→ **Provided entries**

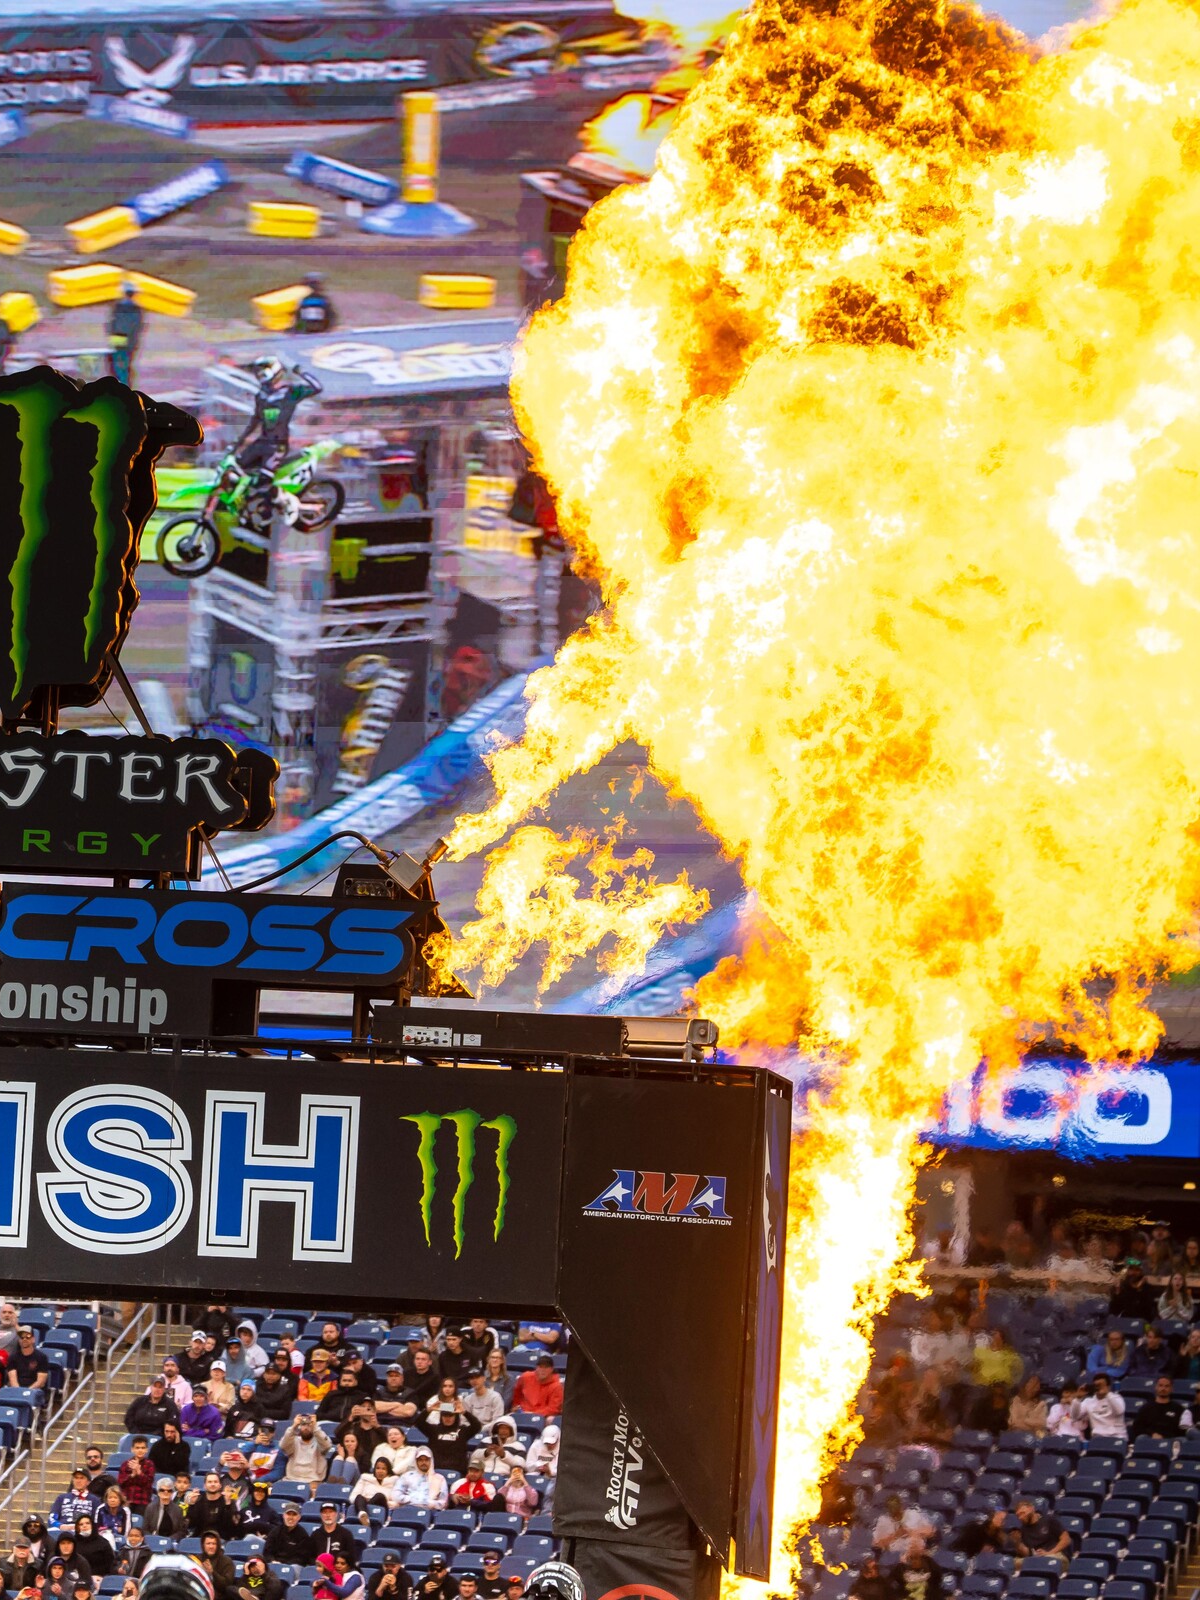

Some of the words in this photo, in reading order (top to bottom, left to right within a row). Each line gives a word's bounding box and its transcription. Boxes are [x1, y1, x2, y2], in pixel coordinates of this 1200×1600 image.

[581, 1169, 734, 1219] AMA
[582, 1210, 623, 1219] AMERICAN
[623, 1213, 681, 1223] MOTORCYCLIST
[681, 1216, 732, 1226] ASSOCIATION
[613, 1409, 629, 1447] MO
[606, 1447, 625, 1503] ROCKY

→ **Task objective**
Extract all the data above exactly, excluding every picture.

→ **Answer box**
Some of the words in this photo, in reading order (top to bottom, left to right within a row). Each line gives a word's bounding box and its transcription. Boxes are [x1, y1, x2, y2], in pixel coordinates of this 1200×1600 image.

[581, 1169, 734, 1219] AMA
[582, 1210, 623, 1219] AMERICAN
[623, 1213, 681, 1223] MOTORCYCLIST
[681, 1216, 732, 1226] ASSOCIATION
[613, 1409, 629, 1447] MO
[606, 1447, 625, 1503] ROCKY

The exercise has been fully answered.